■ **Exercise prompt**:
The records below are to be written out exactly, with every picture omitted.

■ **Material supplied**:
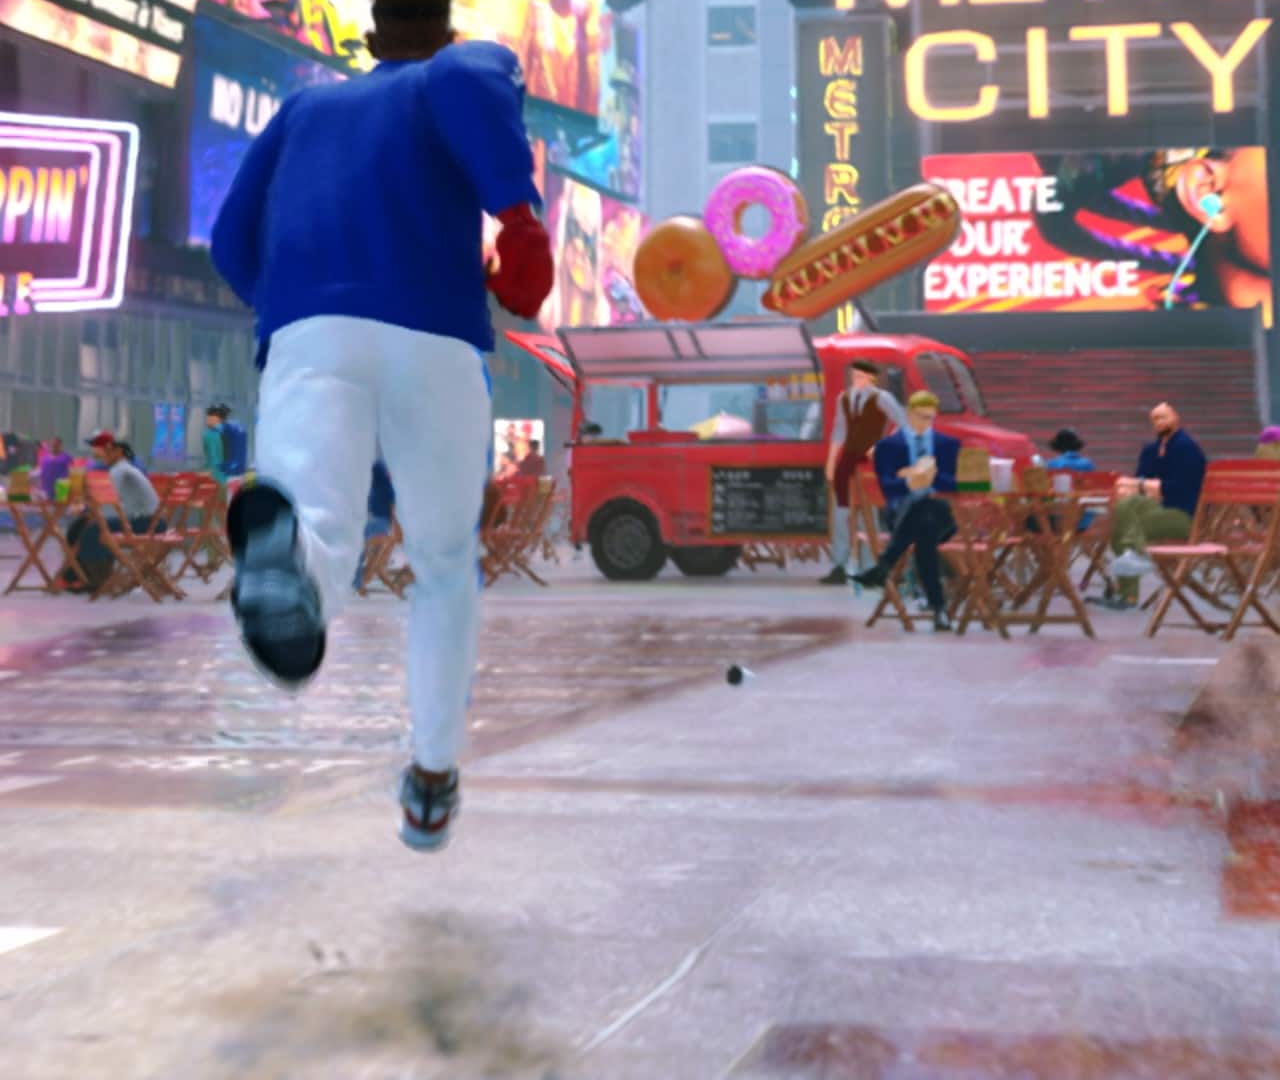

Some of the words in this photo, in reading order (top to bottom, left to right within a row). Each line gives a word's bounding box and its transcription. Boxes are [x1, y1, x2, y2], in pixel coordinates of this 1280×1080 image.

[904, 18, 1273, 122] CITY
[929, 176, 1064, 213] REATE
[949, 218, 1032, 257] OUR
[924, 260, 1140, 300] EXPERIENCE

■ **Output for this exercise**:
Some of the words in this photo, in reading order (top to bottom, left to right within a row). Each line gives a word's bounding box and its transcription. Boxes are [x1, y1, x2, y2], in pixel coordinates of this 1280×1080 image.

[904, 18, 1273, 122] CITY
[929, 176, 1064, 213] REATE
[949, 218, 1032, 257] OUR
[924, 260, 1140, 300] EXPERIENCE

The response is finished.